HDAA | 26

22 2 0
                                    

Happy Reading :) Jangan lupa vote~

"Lan..." panggil Maya dengan suara parau.

Maya tak bisa menahan tangisannya. Kamar Lano benar benar hancur. Wajah Lano bukan seperti manusia normal lagi. Wajahnya memerah, seperti menahan amarah.

Lano memegang kepalanya, "Aw..." rintih Lano. Tubuhnya terjatuh begitu saja.

"LANO!" teriak Maya kencang. Ia segera menghampiri tubuh Lano yang tergeletak.

Maya mengguncang guncang tubuh Lano, "Lan bangun Lannn" tangis Maya semakin menjadi.

Suasana sunyi membuat tangisannya terdengar benar benar jelas.

Maya berlari ke kamarnya, mencari ponselnya.
Setelah itu Maya segera kontak Ben. Lalu menelepon nya. Maya hanya kepikiran untuk menelpon Ben. Tidak kepikiran untuk menelepon dokter atau siapa pun.

"Halo"

"Halo May, kenapa?"

"Benn.. Lano.. Ben" ucap Maya tak jelas, karena suara tangisnya yang semakin jelas.

"Lano kenapa May?"

Maya tak menjawab. Suara tangisnya semakin besar.

"Gue kesana ya May" putus Ben, ia takut terjadi sesuatu pada Maya.

Sambungan telepon dimatikan sepihak oleh Ben.

Maya segera berlari lagi ke kamar Lano. Berharap yang Lano lakukan hanya untuk memprank dirinya. Berharap Lano hanya bercanda saja. Maya benar benar frustrasi melihat Lano yang terbaring lemah, mata nya terlihat sangat sayu. Tidak memancarkan cahaya sebuah kehidupan.

Lano yang sekarang ntah kenapa sangat berbeda, bukan hanya dari sikap tapi penampilannya juga berubah menjadi acak acakan. Lano yang sangat menjaga penampilan, sekarang berubah menjadi acuh dan sangat tidak peduli dengan penampilan dirinya.

Maya rindu Lano yang dulu, Lano yang narsis. Yang selalu memamerkan kegantengannya. Dan selalu menebar pesona.

Maya sungguh rindu.

"Maya?" panggil Ben dari arah pintu. Saat datang tadi ia sudah memencet bel berkali kali, tapi tidak ada yang membuka pintu. Akhirnya ia memberanikan diri untuk masuk saja, karena pintu juga tidak terkunci.

Maya menoleh mendengar suara khas milik Ben.

Ben mendekat  ke arah Maya, mengelus punggung nya lembut penuh perasaan. Ben sangat sedih melihat Maya yang tidak memiliki semangat seperti ini. Maya yang ceria juga berubah menjadi pemurung.

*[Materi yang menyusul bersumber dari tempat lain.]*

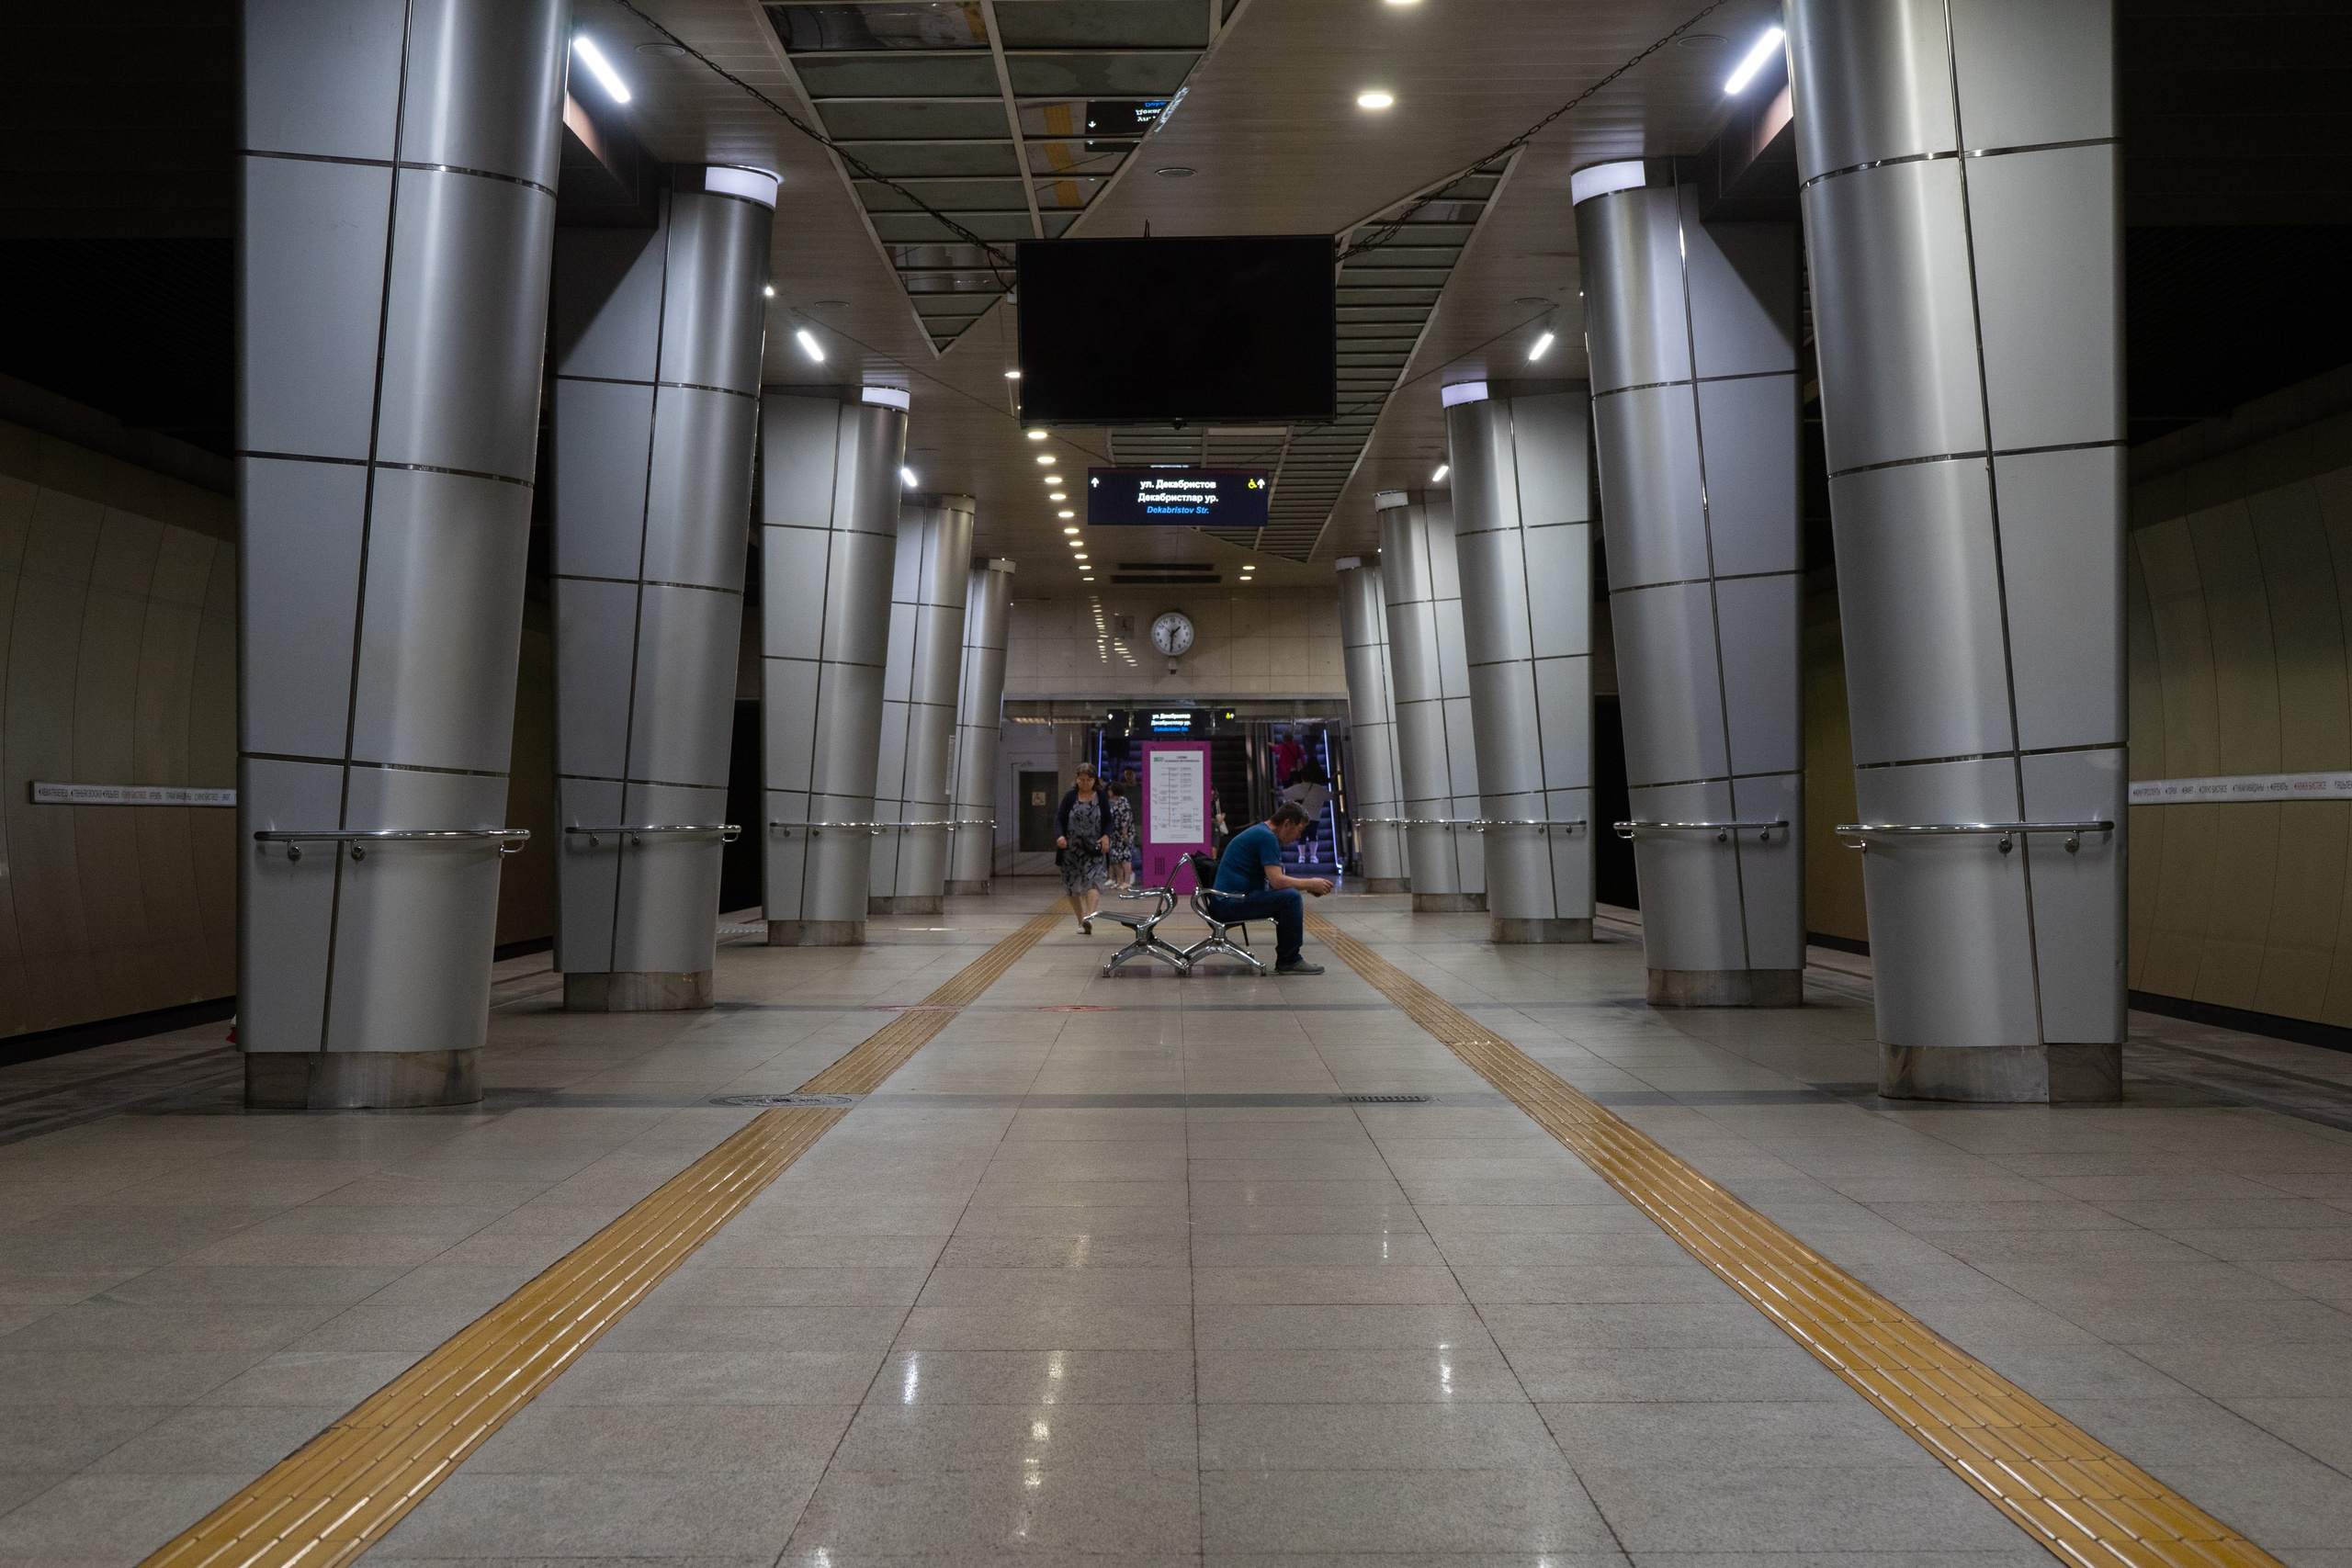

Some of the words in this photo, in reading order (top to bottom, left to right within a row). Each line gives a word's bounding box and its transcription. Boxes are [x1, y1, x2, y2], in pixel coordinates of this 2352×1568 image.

[1140, 480, 1154, 491] ул.
[1156, 479, 1216, 491] Декабристов
[1137, 493, 1203, 503] Декабристлар
[1204, 494, 1218, 503] ур.
[1147, 506, 1194, 514] Dekabristov
[1195, 506, 1209, 514] Str.

"Ben, Lano gak papa kan? Lano baik baik aja kan?" tanya Maya, suaranya yang bercampur isakkan tangis membuat Ben merasa tak tega.

"Iya, Lano gak papa. Dia cuman kecapean aja" bohong Ben. Jelas jelas dia tau, Lano sedang mabuk berat. Bahkan arona bir yang Lano minum tercium jelas.

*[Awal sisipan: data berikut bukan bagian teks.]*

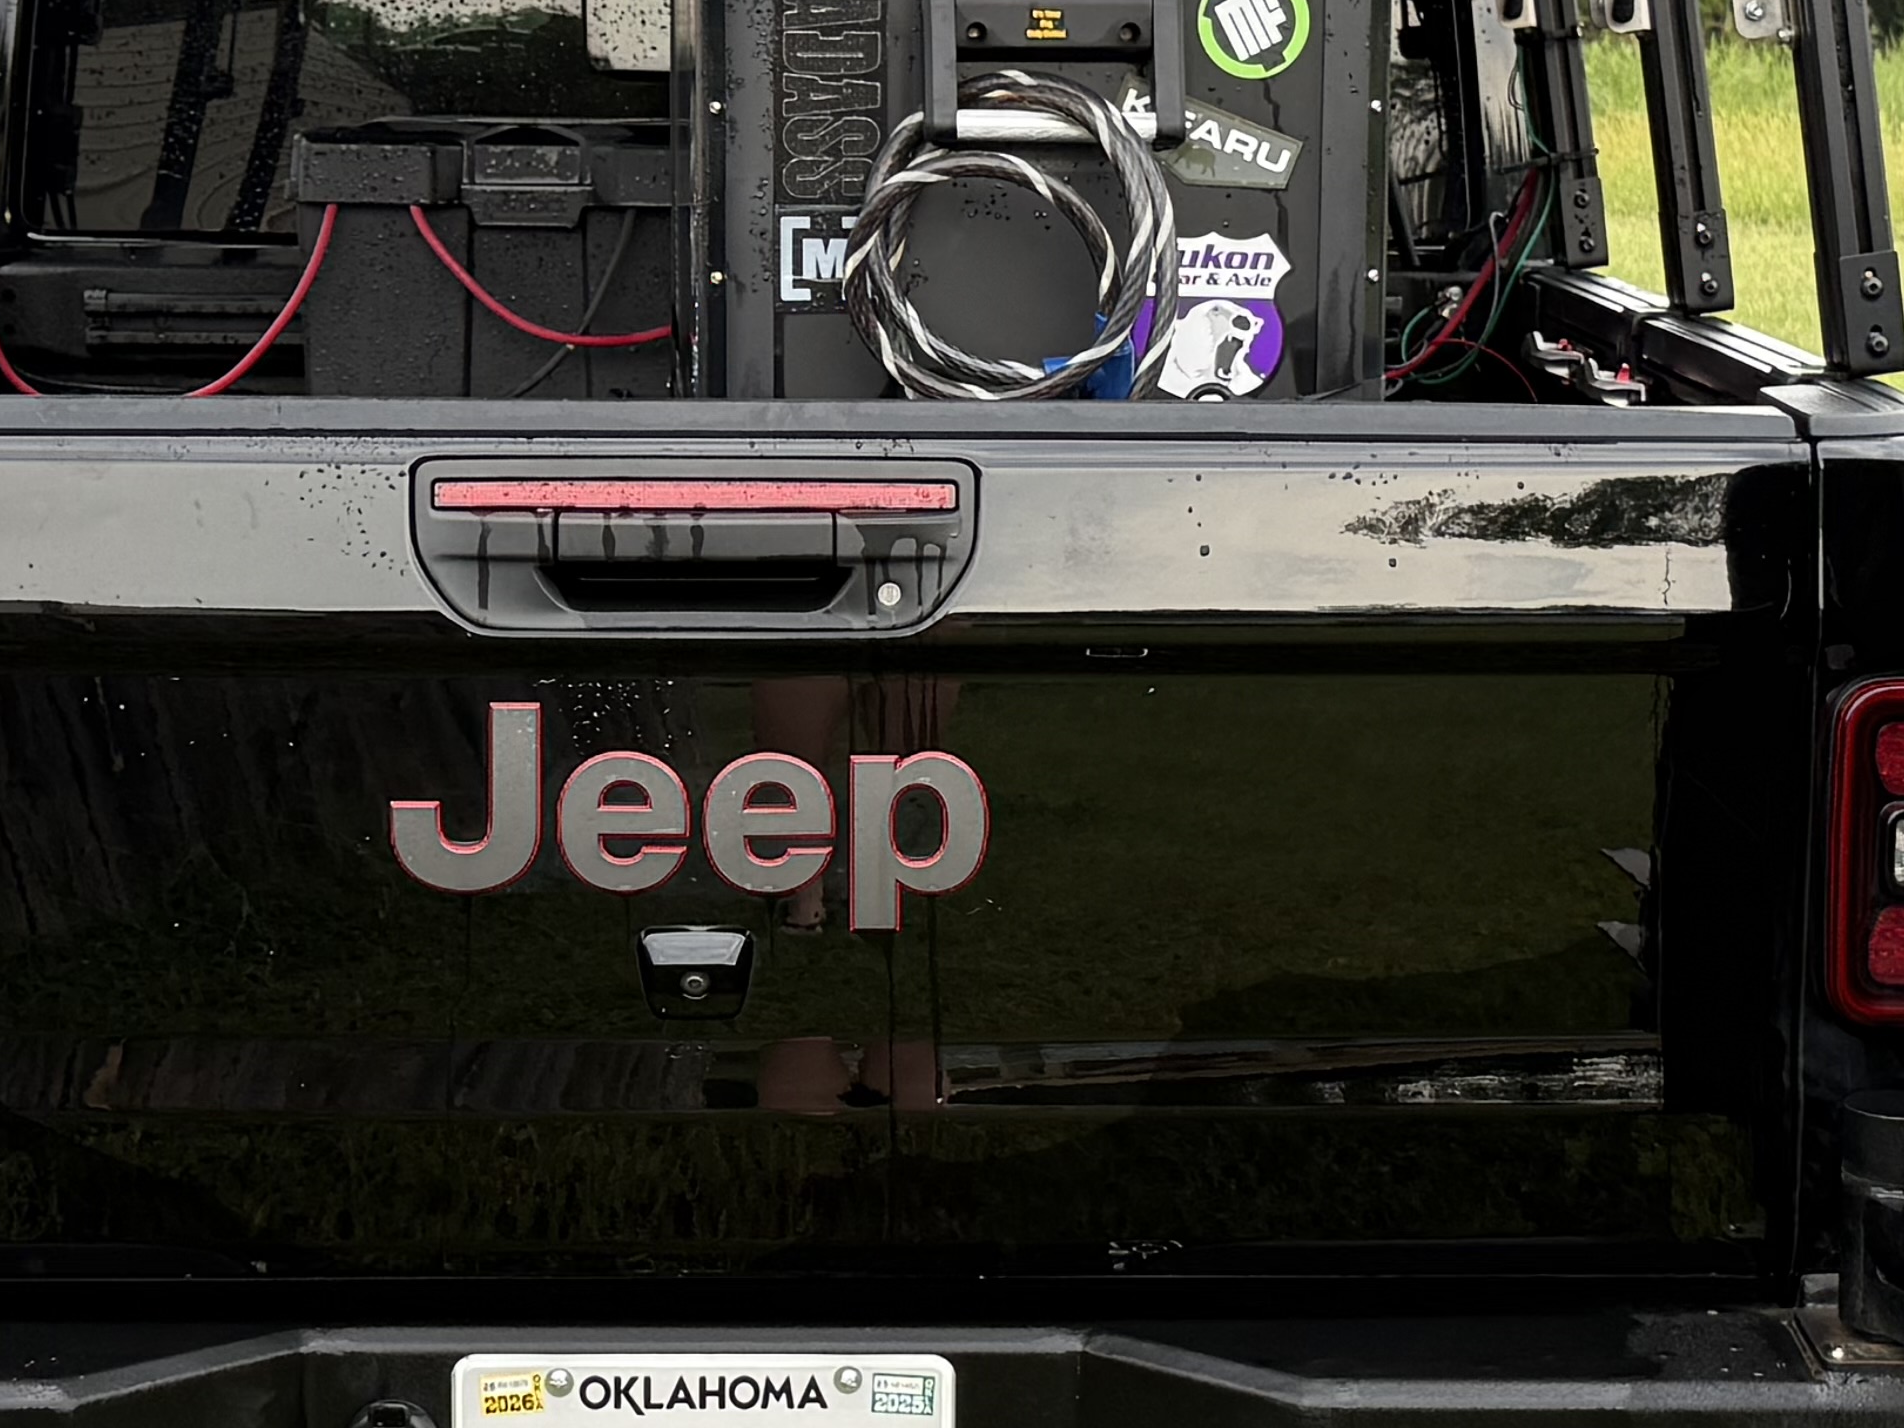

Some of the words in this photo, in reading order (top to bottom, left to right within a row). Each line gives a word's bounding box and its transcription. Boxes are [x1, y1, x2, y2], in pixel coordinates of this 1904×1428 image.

[1177, 243, 1275, 270] ukon
[1206, 272, 1221, 286] &
[1225, 273, 1272, 286] Axle
[388, 700, 992, 933] Jeep
[483, 1393, 535, 1414] 2026
[578, 1375, 829, 1415] OKLAHOMA
[873, 1393, 925, 1414] 2025

"Ben, lo gak akan ninggalin gue kan? Lo akan selalu di samping gue kan?" Maya benar benar seperti orang depresi.

"Iya Maya, gue akan berusaha selalu ada buat lo" Ben berusaha menyakinkan Maya.

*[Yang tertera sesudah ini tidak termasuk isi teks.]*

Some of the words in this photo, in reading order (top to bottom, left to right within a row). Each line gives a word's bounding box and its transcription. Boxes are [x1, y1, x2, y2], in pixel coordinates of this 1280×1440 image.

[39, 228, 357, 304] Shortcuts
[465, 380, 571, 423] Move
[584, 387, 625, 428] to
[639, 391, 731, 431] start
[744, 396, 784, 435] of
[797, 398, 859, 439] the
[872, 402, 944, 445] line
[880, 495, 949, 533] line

Maya menyandarkan kepalanya ke bahu Ben, menutup Matanya yang sangat lelah. Kemudian terlelap.

Tak lama setelah Maya terlelap, Lano sadar.
Lano mengucek matanya, kepalanya terasa berat. Lano memandang sekelilingnya. Ia melihat Maya yang sudah terlelap di bahu Ben. Sedangkan Ben sedang memainkan ponselnya.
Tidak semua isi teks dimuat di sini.